その時の誤解はすぐに解けたものの、私はそんな些細な事ですぐに心配したり嫉妬するハデスを可愛く思うようになり、ますます彼を好きになった。


アポロンとディオニュソスが居るせいか、今日はいつもよりハデスは無口である。
しかし、その眼差しは決して彼らを迷惑がっているのではなく、どこか気恥ずかしがっているようにも思えた。

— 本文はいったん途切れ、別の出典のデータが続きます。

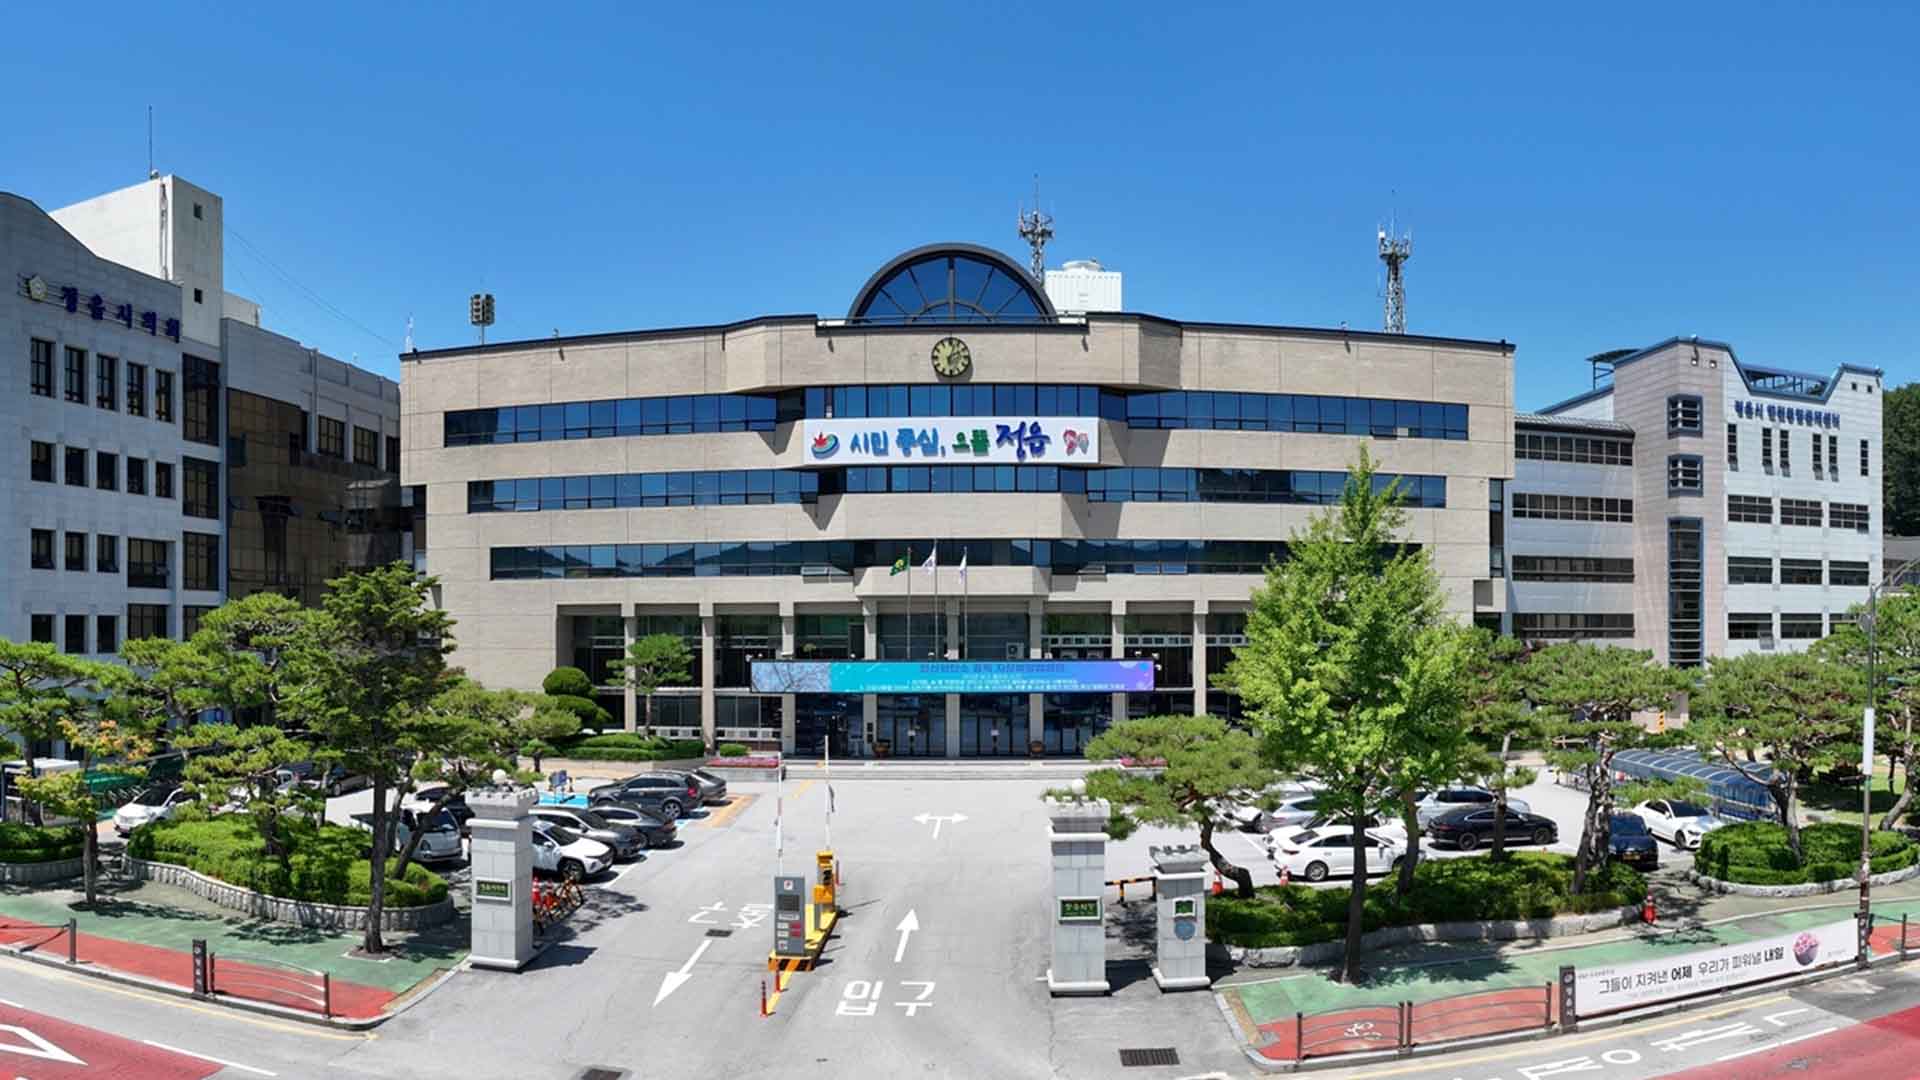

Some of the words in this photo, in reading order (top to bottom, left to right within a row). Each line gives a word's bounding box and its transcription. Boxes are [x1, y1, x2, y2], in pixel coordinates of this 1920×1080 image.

[850, 431, 889, 456] 시민
[896, 428, 946, 457] 중심,
[952, 429, 990, 456] 으뜸
[996, 421, 1051, 462] 정읍
[1599, 975, 1633, 994] 그들이
[1635, 970, 1668, 987] 지켜낸
[1671, 965, 1693, 981] 어제
[1698, 958, 1729, 975] 우리가
[1732, 951, 1762, 970] 피워낼
[1764, 946, 1784, 962] 내일
[836, 980, 936, 1016] 입구

「しっかし、中岡さんと冥府で暮らすって聞いた時はびっくりしたけど、ハデスさんもちゃーんとやる事はやってるんだな、安心したよ」
「なっ……!」

久しぶりに再会した私たちの挨拶も一段落し、アポロンが持参してくれた大福に手を伸ばしかけていたその時、ディオニュソスが何気ない一言を発した。
あまりにもハッキリと言い放った彼の一言は、青白いハデスの顔色を赤く変えていく。

「そうだね、妖精さんが伯父さんの子供を身籠ったってことは、伯父さんはパパになるんだ……。そうだよね妖精さん? ようやく伯父さんがパパになるんだよね?」
「え、ええ、そう、ですね……」

アポロンの真っ直ぐ過ぎる言葉に、私は何だか急に面映ゆい気持ちになった。頭では親になる事を理解してはいたものの、いざ改めてそう言われると、どこか妙に気恥ずかしい。
隣を見ると、ハデスもまた同じような事を思っていたらしく、じっと私のお腹を見ながら何かを考え込んでいるようだった。

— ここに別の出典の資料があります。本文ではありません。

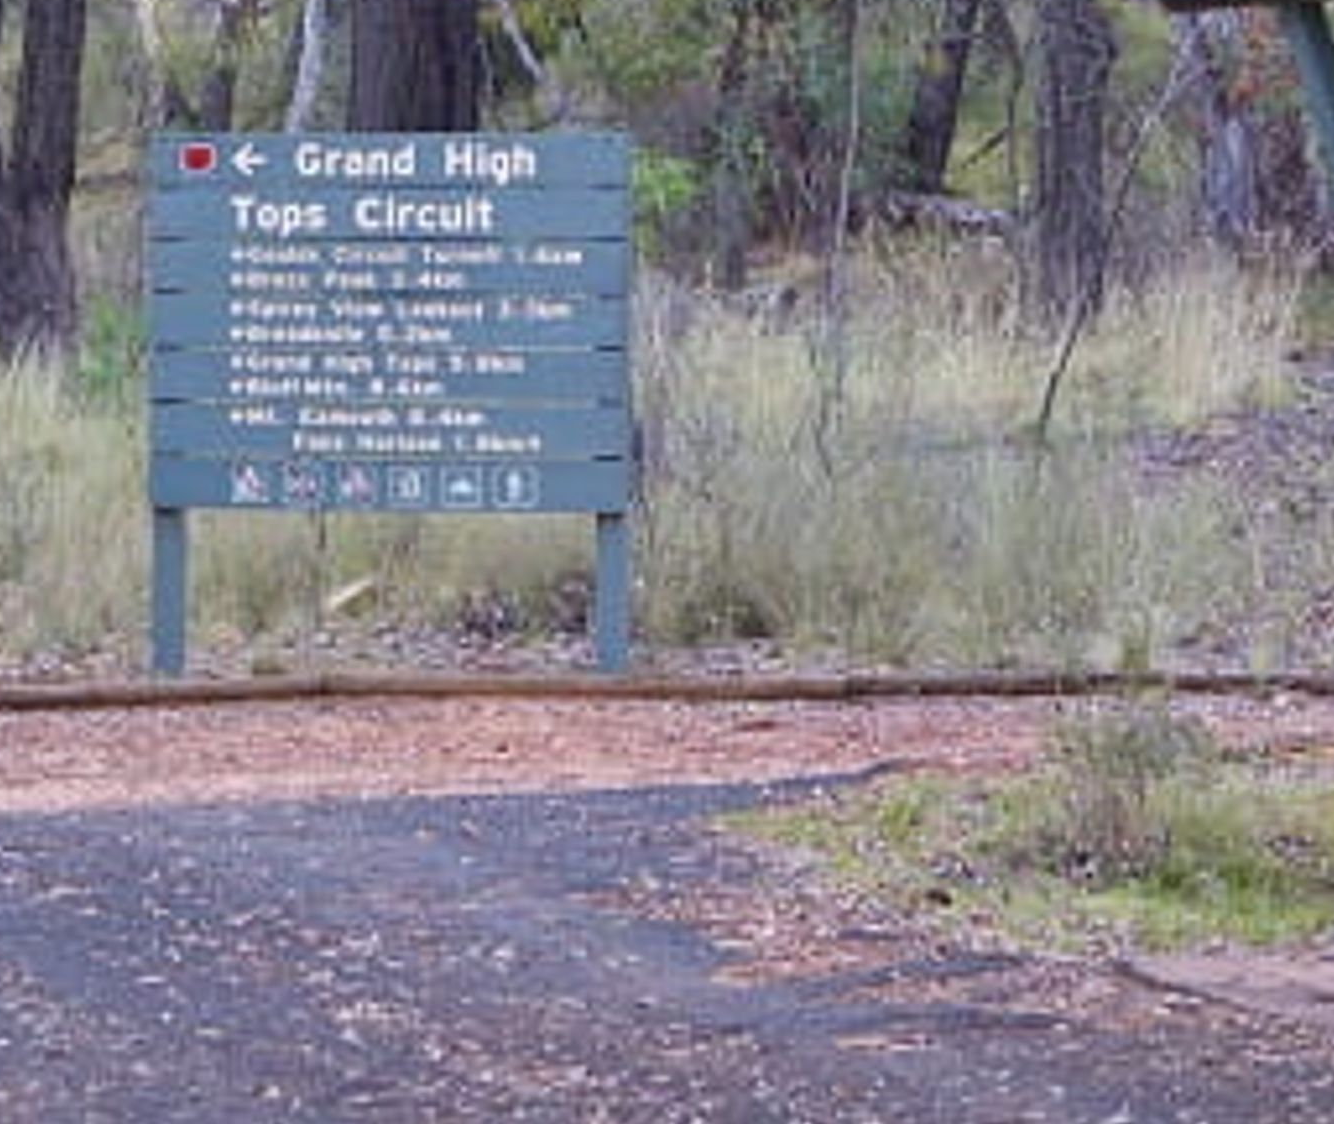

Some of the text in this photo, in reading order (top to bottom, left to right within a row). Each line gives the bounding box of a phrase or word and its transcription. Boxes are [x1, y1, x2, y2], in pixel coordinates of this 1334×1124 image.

[294, 140, 537, 185] Grand High
[231, 193, 494, 236] Tops Circuit

「でもさー、キミも思い切ったよね。ハデスさん追っかけて冥府に来ちゃった上に、ハデスさんと子供まで作っちゃうなんて」
「……」

なんとなく緊張の走った空気を受け流し、ディオニュソスがそう言って私に円卓の上の大福を寄越す。
私がそれを受け取ると、ハデスも無言で大福を頬張った。

おそらく今ディオニュソスが言った事を一番気にしているのはハデス自身だ。彼は優しいから口には出さないが、毎日私が寂しくないか、ずっと心配しているのだと思う。だからこそ私はしっかりとそれに答えなければと、そう思った。

「……私は幸せですよ。毎日ハデスさんが隣に居てくれますし、それにいつでも……私を愛してくれますから、本当に幸せなんです」
「……」

言い終えてからふと隣のハデスを見る。
すると彼の頬がぱんぱんに膨らんでいた。

彼は意外にも照れ屋でもあったりする。
おそらく私が今正直に言った事で照れたハデスは、円卓の上の大福をどんどん口の中に放り込んでしまったのだろう。こんな所はやはり可愛い。なんて言ったら怒られてしまうので言えないが。

「……それに、みなさんは知らないかもしれませんが、意外にハデスさんは情熱的なんですよ」
「えっ……ハデスさんが……?」
「伯父さんが情熱的!? それは本当かい? 本当なのかい、妖精さん!」

私が最後に呟いた何気ない一言に、アポロンとディオニュソスが食い付いた。私は本当に、ただ何気なく言っただけなのだが、それほどまでに驚く事だろうか。彼らのその反応に驚いた私とハデスが思わず顔を見合わせる。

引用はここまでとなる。